You are 17 years old, and it’s the first time you’ve left the country. You are standing at the base of a 200 foot tall waterfall, staring up. You feel a strong mist caressing your face and arms. You feel the power in the sound, a constant pounding, a never-ending collapse and explosion of energy. You are 17 years old, and you feel nothing.
For a moment you lose yourself. What am I? You cease to think. Standing there, next to this miracle, you become nothing.
The next thought in your head is a big one: I am infinite. I am unlimited. I have the potential to do anything I can dream.
When I was 17 my dad took me on my first big overseas trip to Argentina and Chile. For 6 weeks we traveled by public bus, danced the tango, and hiked up slippery forest trails to sleep in mountain huts. We stayed in hostels, meeting people from all over the world. I convinced him to let us visit Iguazu Falls, the second largest waterfall in the world, which was a 12 hour bus journey away. He finally agreed, as long as I paid for my own transportation. From there, we flew to Bariloche, a lakefront ski town.
We found a great hostel at the top of a 10 story building with breathtaking views of the snowcapped mountains. We were snowed in, and for a week my dad and I became part of the family. I won the poker tournament. We had wine tasting parties. I went out dancing with the other guests, and we shook our booties to Michael Jackson covers. I played a lot of chess and did some knitting, all while talking with other travelers. I even got a guitar lesson from a long-haired, long-bearded Argentinian man with long fingernails trimmed specifically for plucking the steel strings of his guitar he called Melinda.
It was in this town where I had my first kiss. My dad and I went on an evening walk when we discovered a table tennis club. Both of us love to play, so we went inside to check it out. It was there I met Bruno, a handsome young man of about my age. I played against him a few times, losing most of the games. Besides his forehand slice I was particularly impressed by his curly luscious hair, dark skin, and cheeky but confident smile. His poor English was endearing, and we both laughed at my attempts at Spanish.

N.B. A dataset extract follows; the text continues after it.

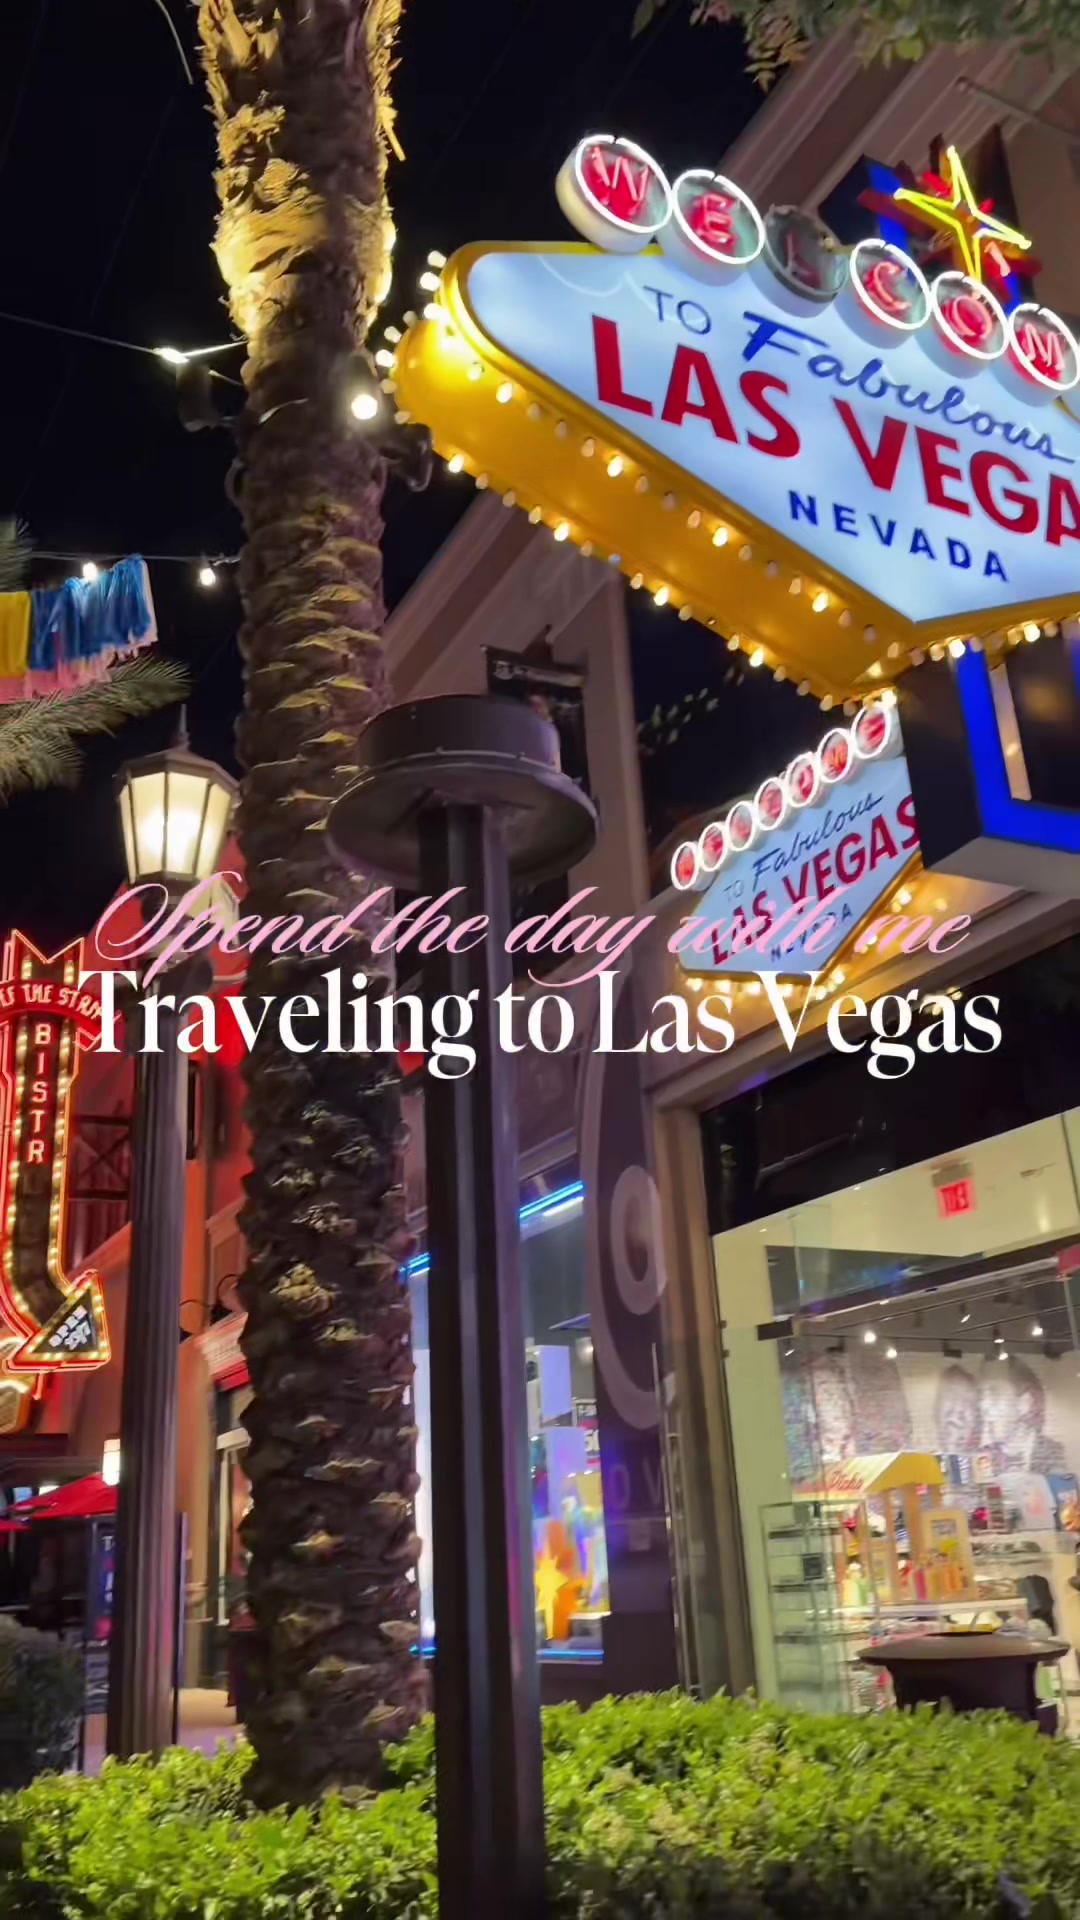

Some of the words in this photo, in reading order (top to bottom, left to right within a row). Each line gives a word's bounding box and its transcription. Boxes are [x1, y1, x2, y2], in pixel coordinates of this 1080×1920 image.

By the end of the evening, he was infatuated. He told me he thought I was beautiful and that he wanted to see me again. That night it was snowing, and Bruno’s dad gave us a ride back to our hostel in his clunky van. When we parted, Bruno snuck a little kiss on my cheek. I was beaming for the rest of the night.
A few days later my dad and I walk in to the recreation center where we are greeted by the sound of bouncing ping pong balls. Bruno approaches me and asks me for a game. While we are rallying, he is playing very poorly, even though I know from last time that he is a much better player than me. Then he explains.
“Amber, I couldn’t sleep last night.”
“I just can’t stop thinking about you.”
Meanwhile my dad is over there having an epic rally with Bruno’s potbellied dad.
I think… this is my chance… so I ask Bruno, who is looking at me like a sick puppy dog: “Do you want to take a walk?”
We put on our coats and head outside into the frigid night. I’m feeling a bit nervous about my dad but also know that he is thoroughly distracted. Mostly what I’m nervous about is my first kiss, which I know is about to happen.
I’m facing Bruno, and to my right is the lake framed by snow-capped mountains. The peaks reach their reflections into the frozen lake. It’s a full moon – of course – and the light is shining on Bruno’s face, his eyes locked on mine.
He pulls me close, I close my eyes, and… he starts sucking my face. And not in a good way. It’s like he is trying to stick his entire tongue in my mouth.
Anyway, that is not really the point of the story. Let’s skip that part. I like to remember the romantic setting, the crisp night air, and the moonlight over us.
Moments like this will be with me for the rest of my life. These memories made when I was somewhere completely different, doing something completely new, these are the moments I will remember. This trip with my dad was six years ago, and since then a lot has happened. I graduated from college, and did my own traveling for 28 months.
Now I am home for the first time since leaving in the summer of 2011, home to stay for a while. Not rushing off to travel again, but taking some time at home to write about and process what I have experienced.
Looking back over my old journals, there are hundreds, if not thousands of possible topics that I could choose to write about. These will come flowing out of me in the next days, months, and years. I will continue to travel and be inspired, then it will fall out of me like a torrential waterfall.
I can look at a picture, or even just close my eyes and remember being there, and my soul will travel. And I can do it now. I am standing there, at the base of the waterfall. I can feel the mist on my face. I can hear the constant pounding of water. I am at peace. I am empty.